Segment Start: DATA SUPPLIED

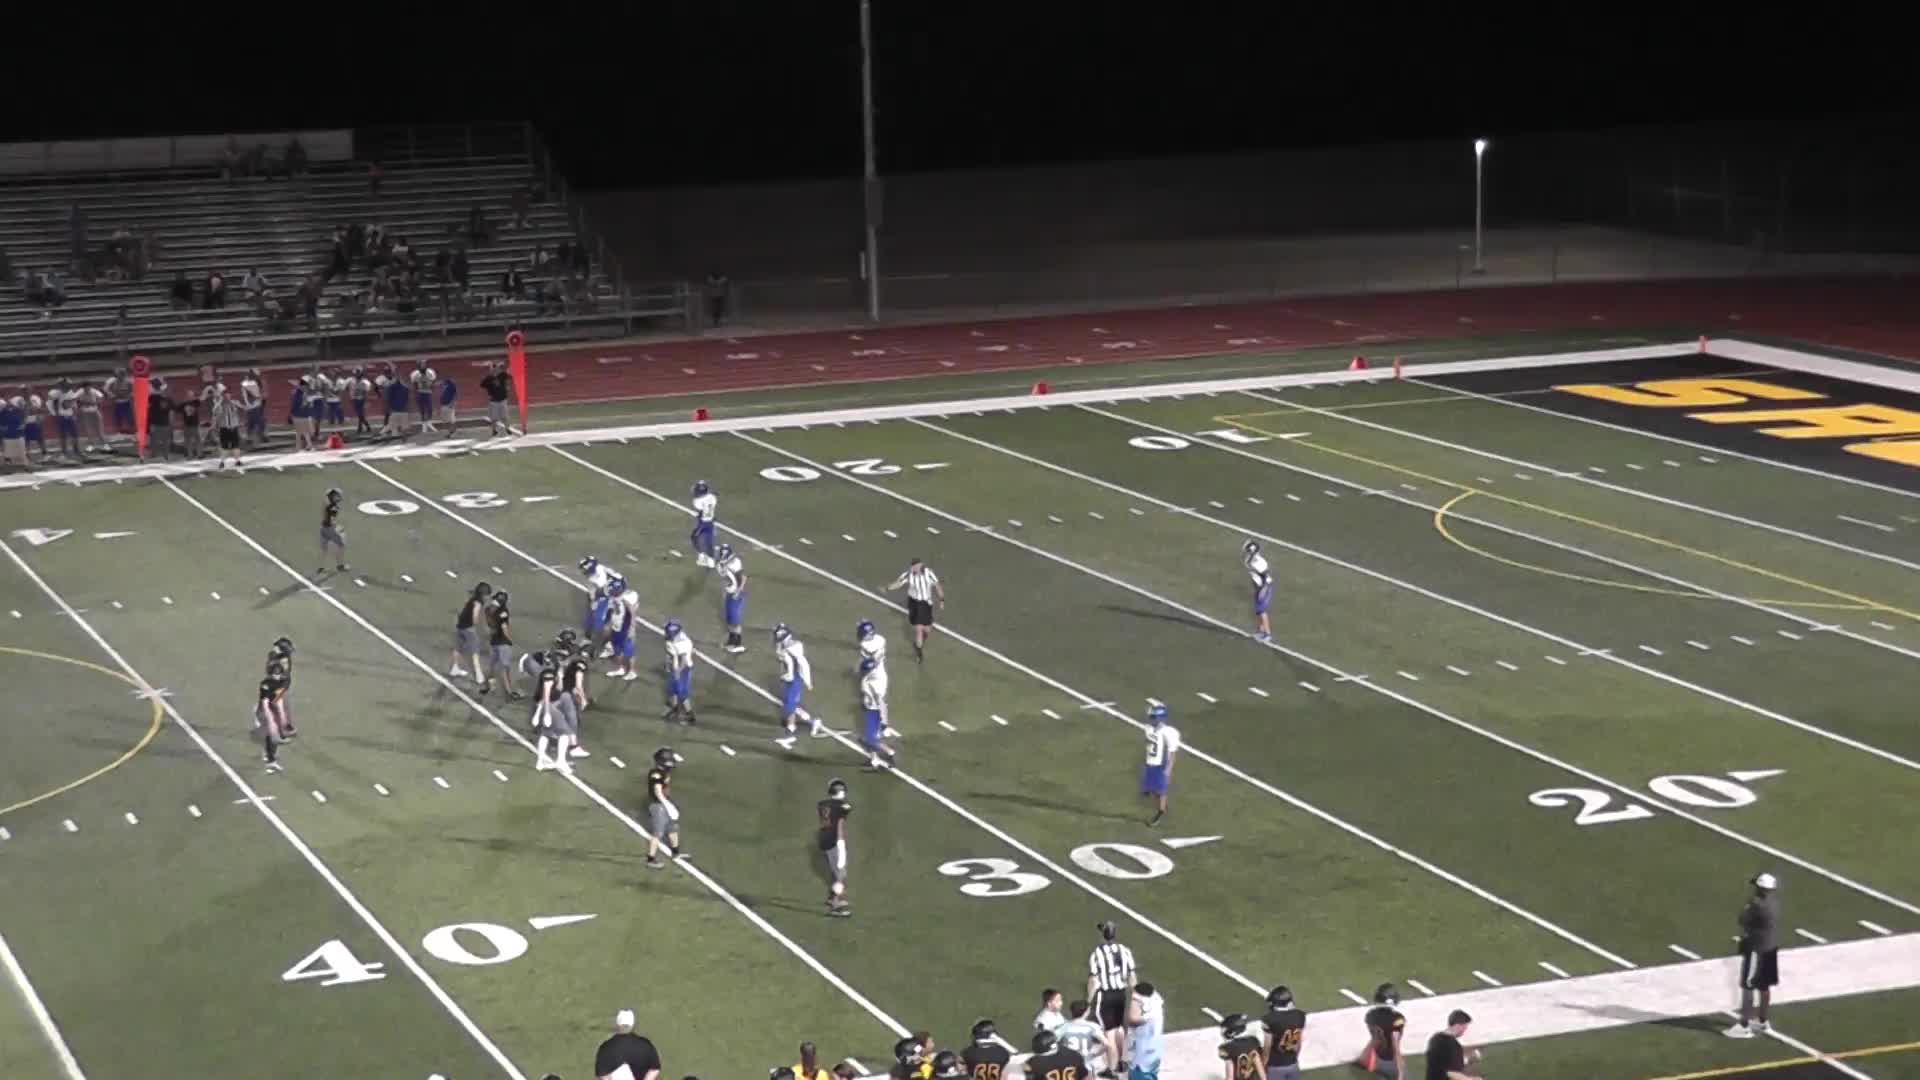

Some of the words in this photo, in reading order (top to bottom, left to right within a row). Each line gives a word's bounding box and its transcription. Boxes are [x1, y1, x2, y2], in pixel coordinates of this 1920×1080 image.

[1550, 378, 1920, 468] SA
[760, 458, 902, 482] 20
[1528, 775, 1757, 825] 20
[937, 843, 1174, 896] 30
[282, 923, 528, 986] 40
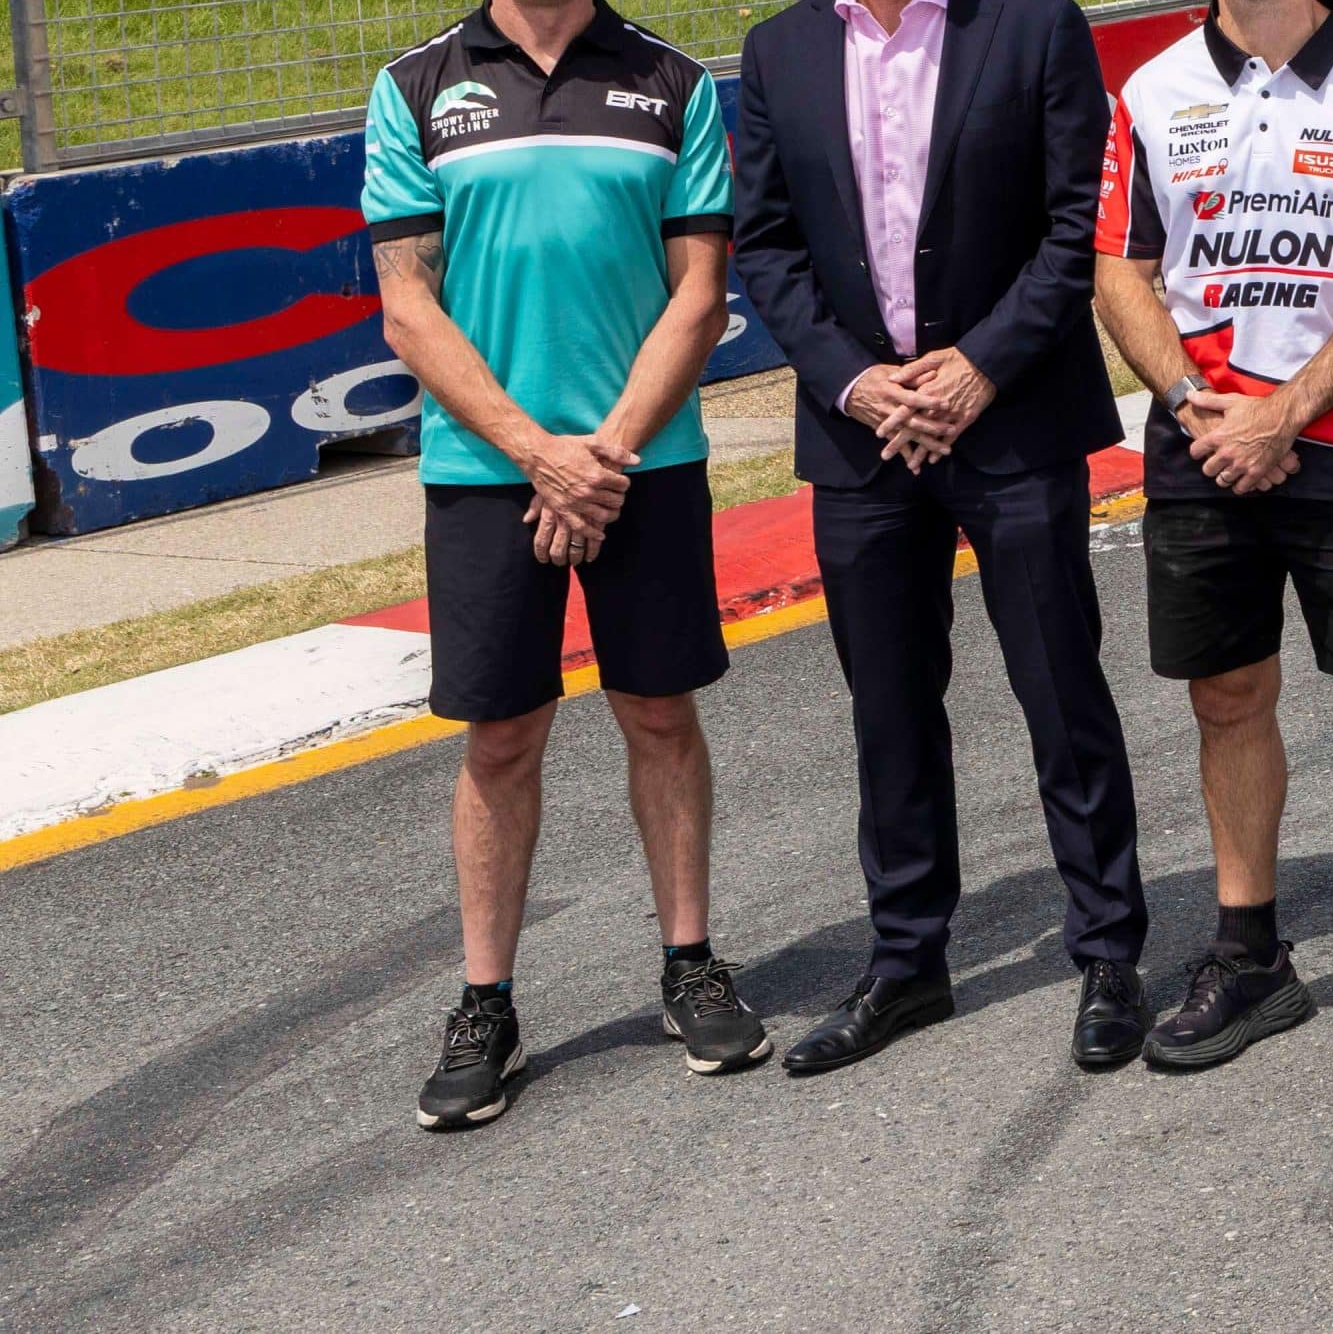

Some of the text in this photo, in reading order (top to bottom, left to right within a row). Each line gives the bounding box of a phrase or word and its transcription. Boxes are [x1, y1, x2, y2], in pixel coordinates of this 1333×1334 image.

[605, 89, 669, 117] BRT
[431, 108, 500, 132] SNOWY RIVER
[441, 119, 491, 139] RACING
[1168, 119, 1230, 135] CHEVROLET
[1180, 128, 1218, 138] RACING
[1167, 137, 1229, 157] Luxton
[1168, 155, 1201, 167] HOMES
[1171, 160, 1229, 184] HIFLEX
[1202, 280, 1320, 309] RACING
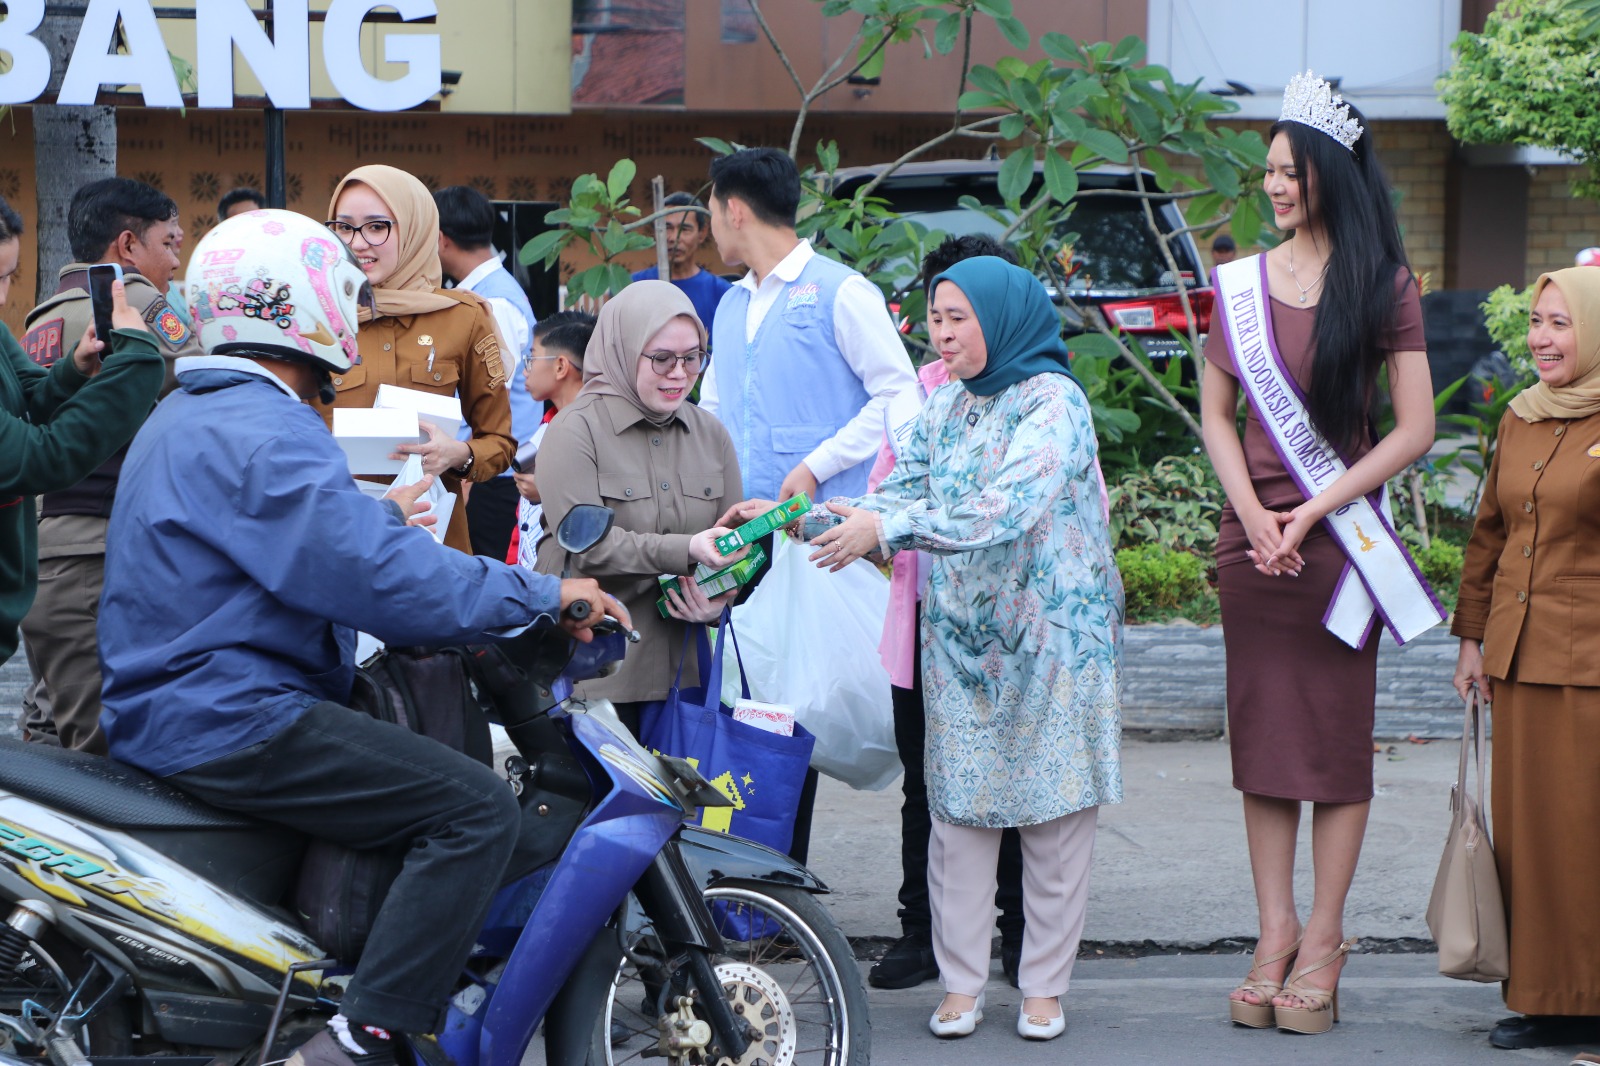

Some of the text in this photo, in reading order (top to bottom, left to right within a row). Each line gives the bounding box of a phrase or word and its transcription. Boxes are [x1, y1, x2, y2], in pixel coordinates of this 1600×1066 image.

[1231, 287, 1261, 346] PUTERI
[1242, 343, 1297, 429] INDONESIA
[1284, 421, 1336, 487] SUMSEL
[147, 947, 189, 966] BRAKE

Segment End: DATA SUPPLIED

--- YOUR GOAL ---
The required output is the exact sequence of lines from the one containing "this 1600×1066 image." through the end of the listing, both endpoints included.

--- EXERCISE RESULT ---
Some of the text in this photo, in reading order (top to bottom, left to right within a row). Each line gives the bounding box of a phrase or word and its transcription. Boxes are [x1, y1, x2, y2], in pixel coordinates of this 1600×1066 image.

[1231, 287, 1261, 346] PUTERI
[1242, 343, 1297, 429] INDONESIA
[1284, 421, 1336, 487] SUMSEL
[147, 947, 189, 966] BRAKE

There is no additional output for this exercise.